My favorite thing at the Wild Jordan Centre, apart from the view, is their seasonal menus. You’re always guaranteed a wholesome and hearty meal here! And the views over downtown Amman are truly unbeatable.

Their menu has plenty of vegan options and is clearly labelled in English, making it an easy option for foreign visitors.

Useful Arabic Phrases for Ordering Vegan Food in Jordan

Most restaurants will have English speaking staff and an English menu. But in case they don’t, here are some key Arabic phrases you may need:




I am vegan.

انا فيغن

Ana vegan.

We are vegan.

نحنة  فيغن

Nehna vegan.

I don’t eat animal products.

ما باكل بضعة حيوانات

Ma bakul ibda’et haiwanat.

I don’t want...

ما بدي...

Ma bidi...






















People in this region of the world will go out of their way to help you find what you need if you just ask. Hospitality is prized as one of the highest honors someone can bestow on another, especially on a visitor from a foreign land.

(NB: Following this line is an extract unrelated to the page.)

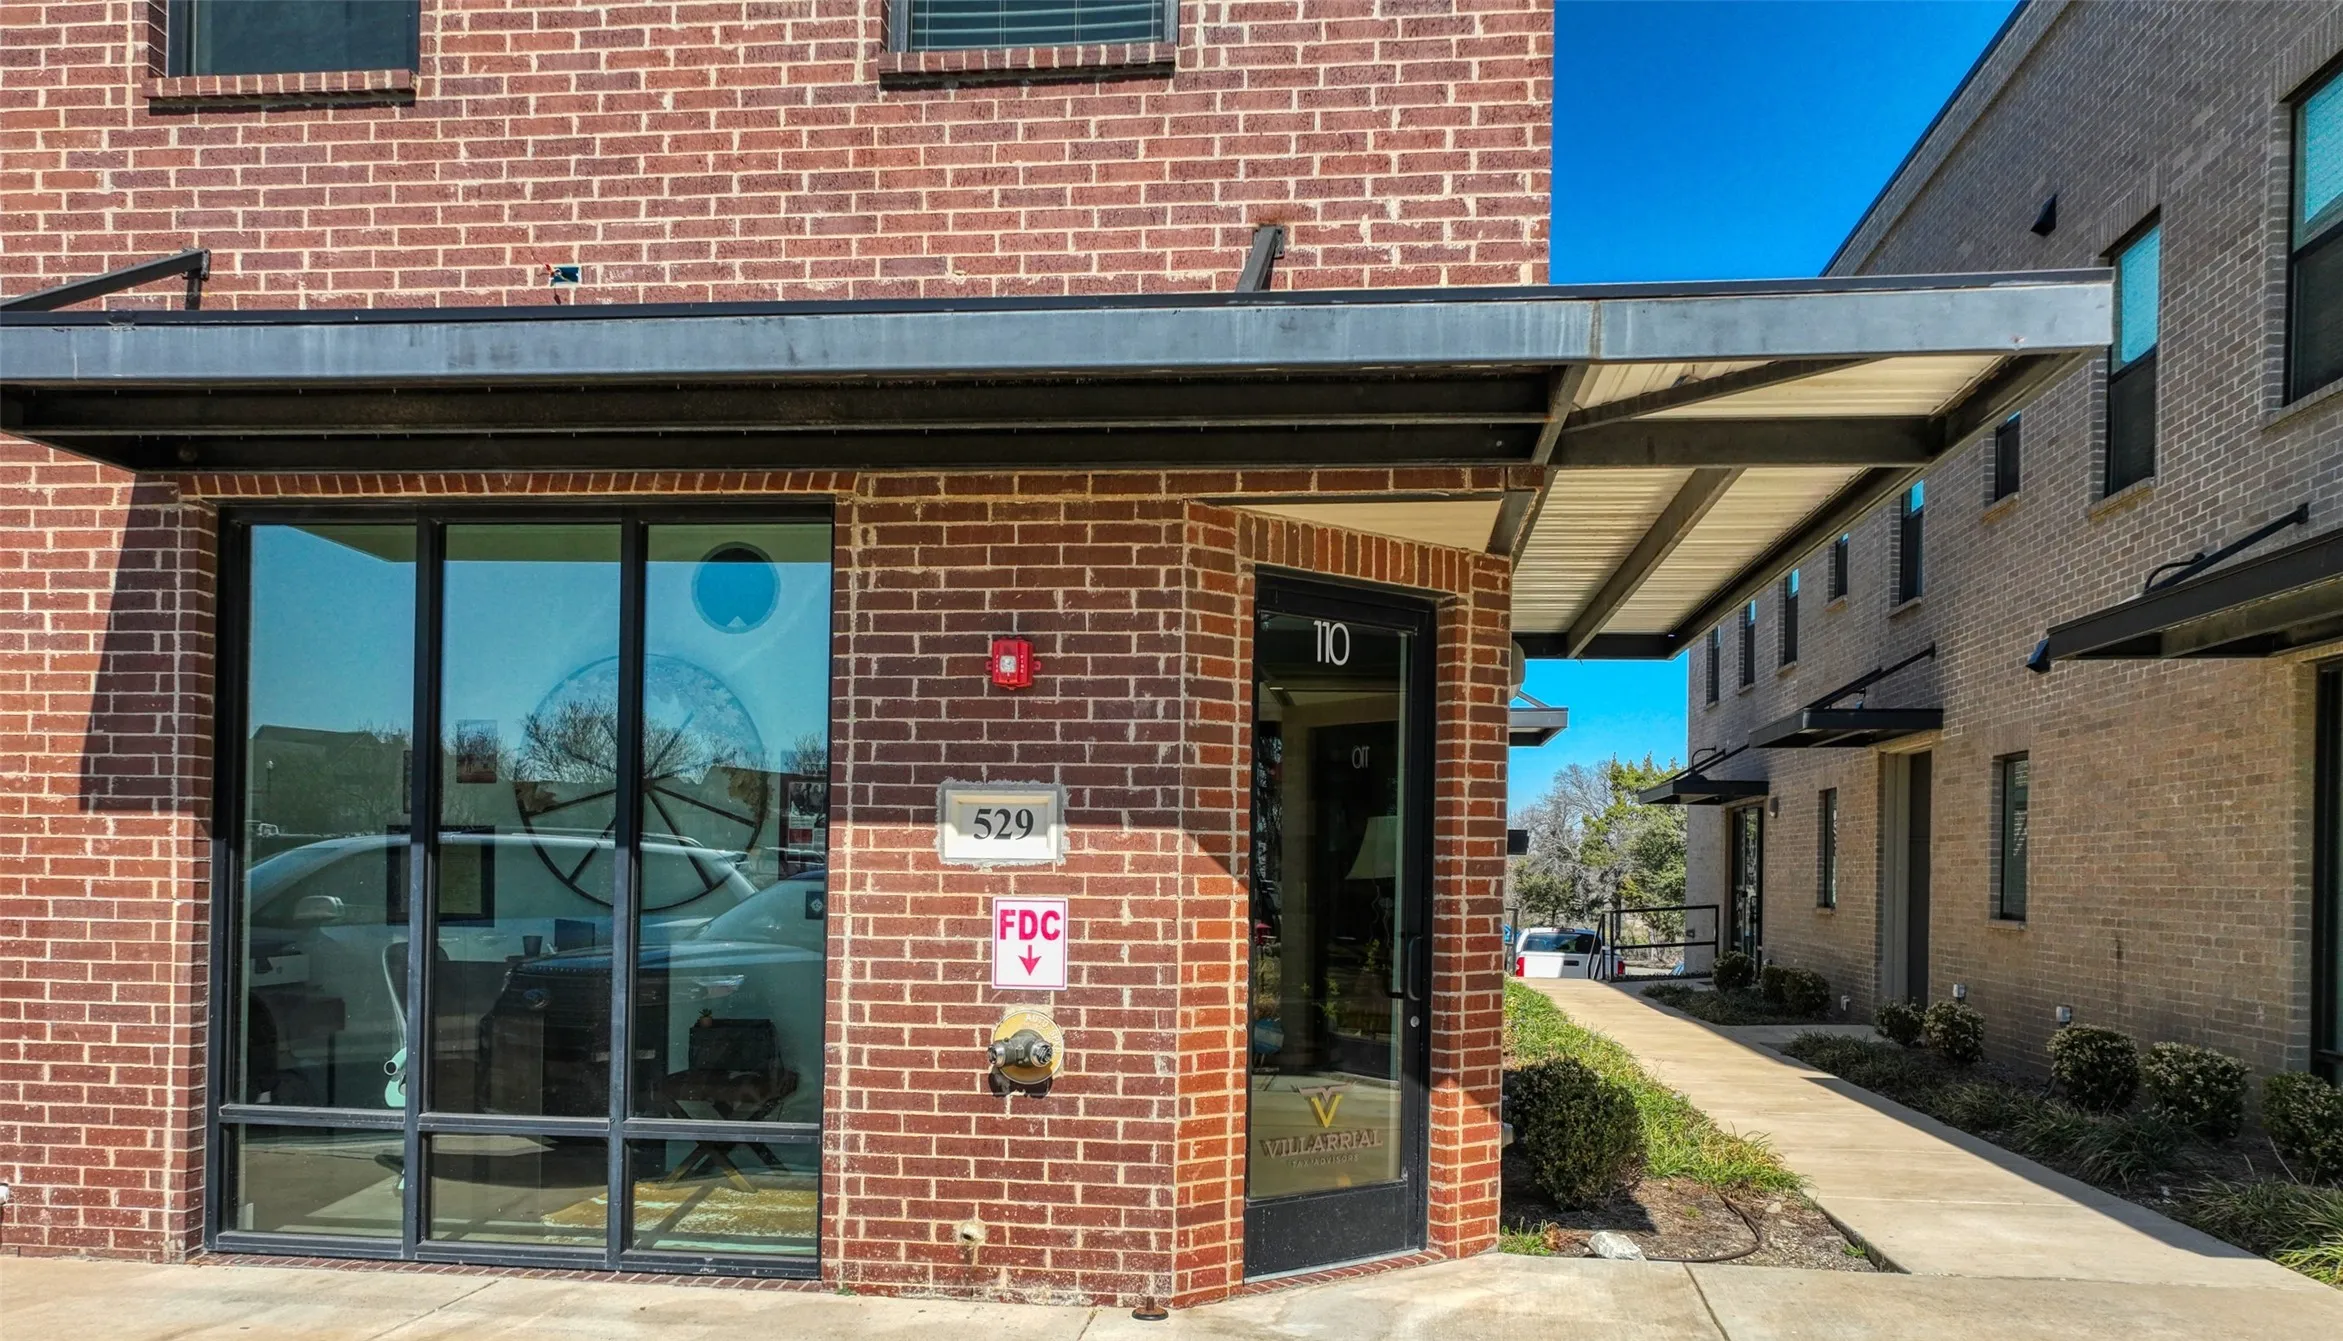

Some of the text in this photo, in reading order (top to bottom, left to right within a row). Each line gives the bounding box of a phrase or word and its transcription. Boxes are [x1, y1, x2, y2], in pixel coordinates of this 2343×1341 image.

If you explain your diet, you can rest assured that whatever establishment you visit will do their best to accommodate you.

You will have a wonderful time trying all the vegan food that’s on offer in Jordan. The spicing, combined with the flavours of fresh produce, makes the food here quite unique, delightful, and delicious.

Please don’t let being a vegan deter you from visiting this country. In addition to enjoying great food during your visit, you may very well influence Jordanians to join you in the benefits of a plant-based diet.

About the Author

Chef Tariq - author of vegan Jordan guide

Tariq Nasir

Chef Tariq

Tariq Nasir is an American-Palestinian food blogger and the founder of ChefTariq.com. He empowers the everyday home cook to bring Middle Eastern cuisine to their table.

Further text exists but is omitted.